RECORDS FOR THIS EXERCISE:
= = =

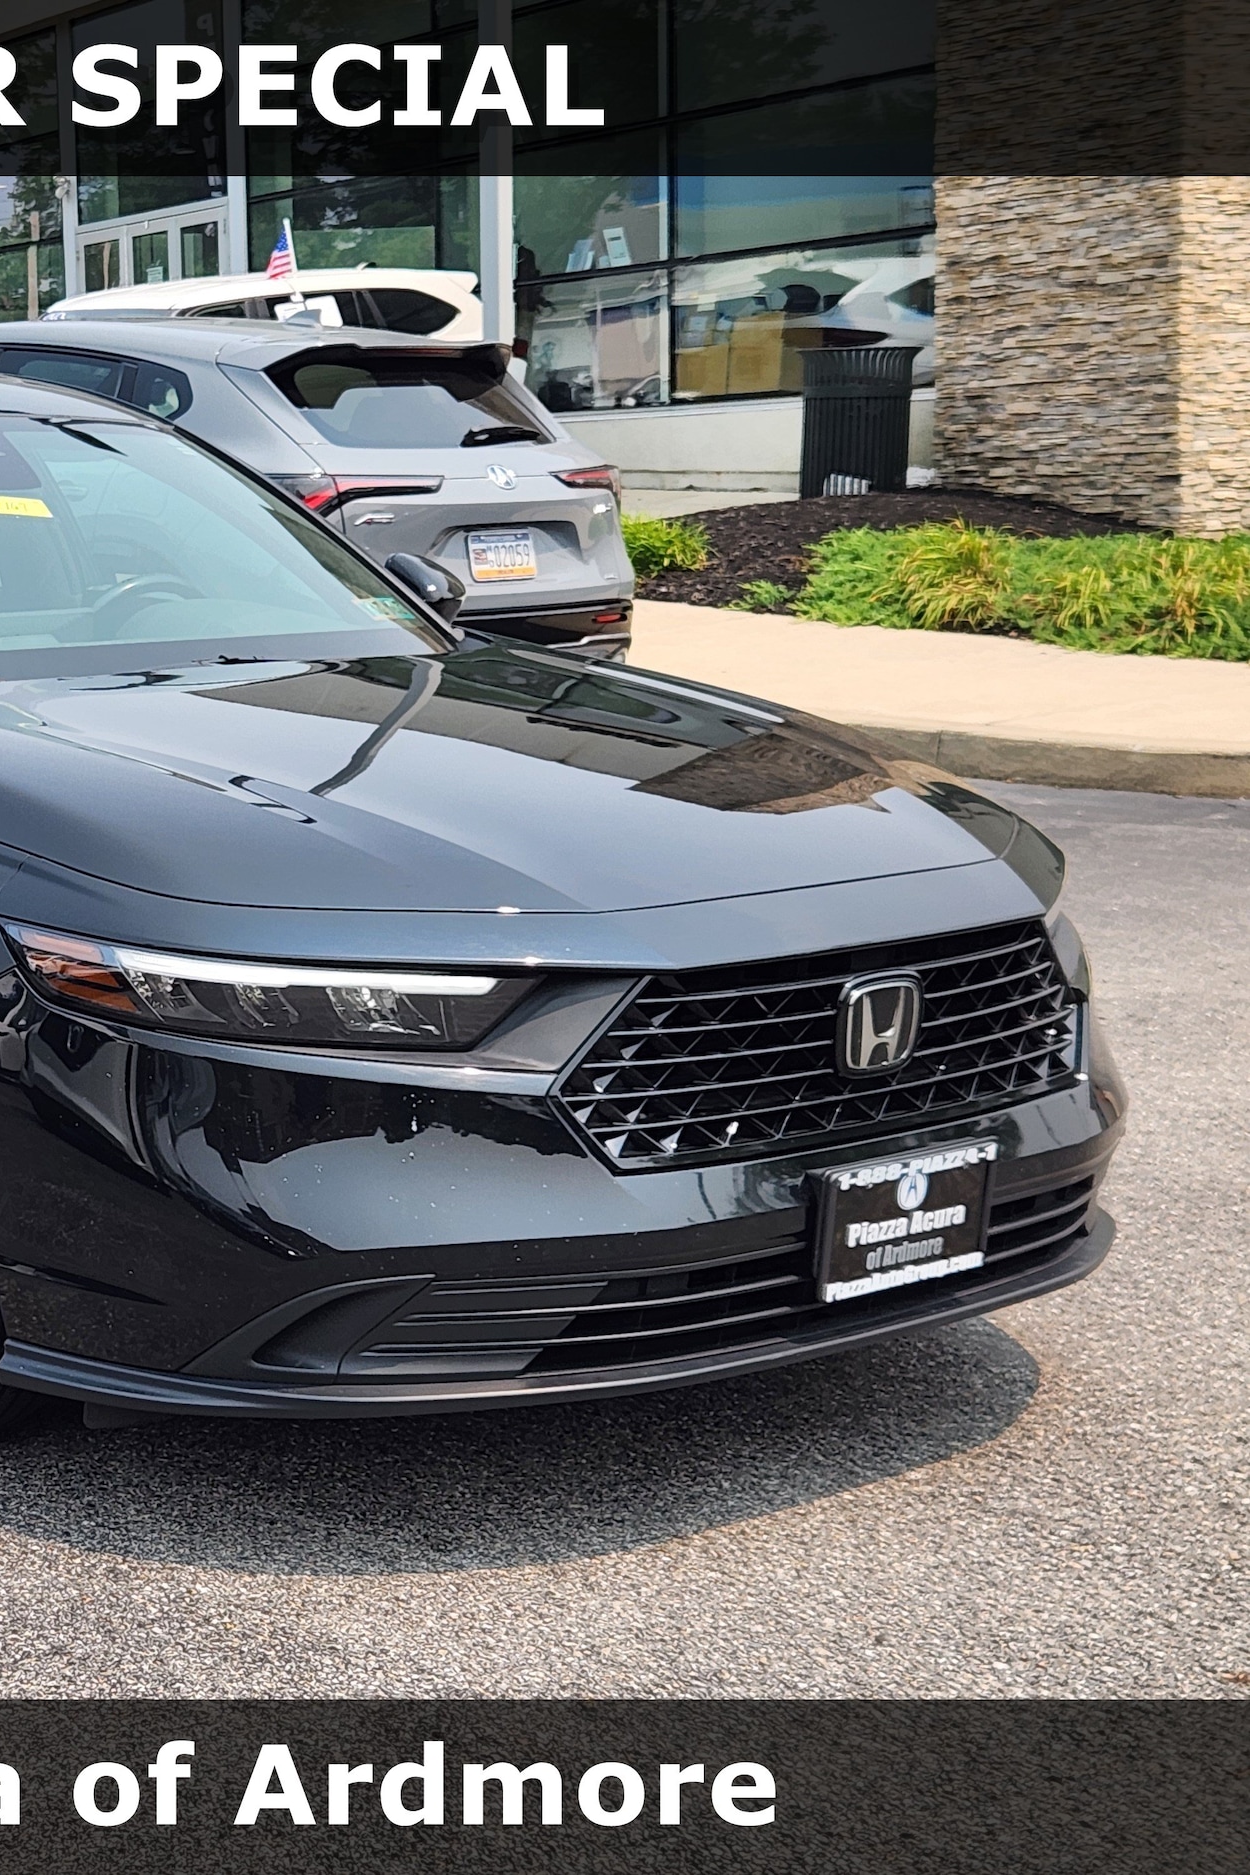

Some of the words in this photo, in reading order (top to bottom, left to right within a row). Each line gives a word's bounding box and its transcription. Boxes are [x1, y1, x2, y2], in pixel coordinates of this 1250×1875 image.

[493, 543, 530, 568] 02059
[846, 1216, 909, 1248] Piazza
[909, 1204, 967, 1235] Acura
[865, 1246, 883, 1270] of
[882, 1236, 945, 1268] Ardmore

= = =

EXERCISE AIM: Every entry is to be reproduced word for word, and no image is carried over.

WRITTEN RESPONSE:
Some of the words in this photo, in reading order (top to bottom, left to right within a row). Each line gives a word's bounding box and its transcription. Boxes are [x1, y1, x2, y2], in pixel coordinates of this 1250×1875 image.

[493, 543, 530, 568] 02059
[846, 1216, 909, 1248] Piazza
[909, 1204, 967, 1235] Acura
[865, 1246, 883, 1270] of
[882, 1236, 945, 1268] Ardmore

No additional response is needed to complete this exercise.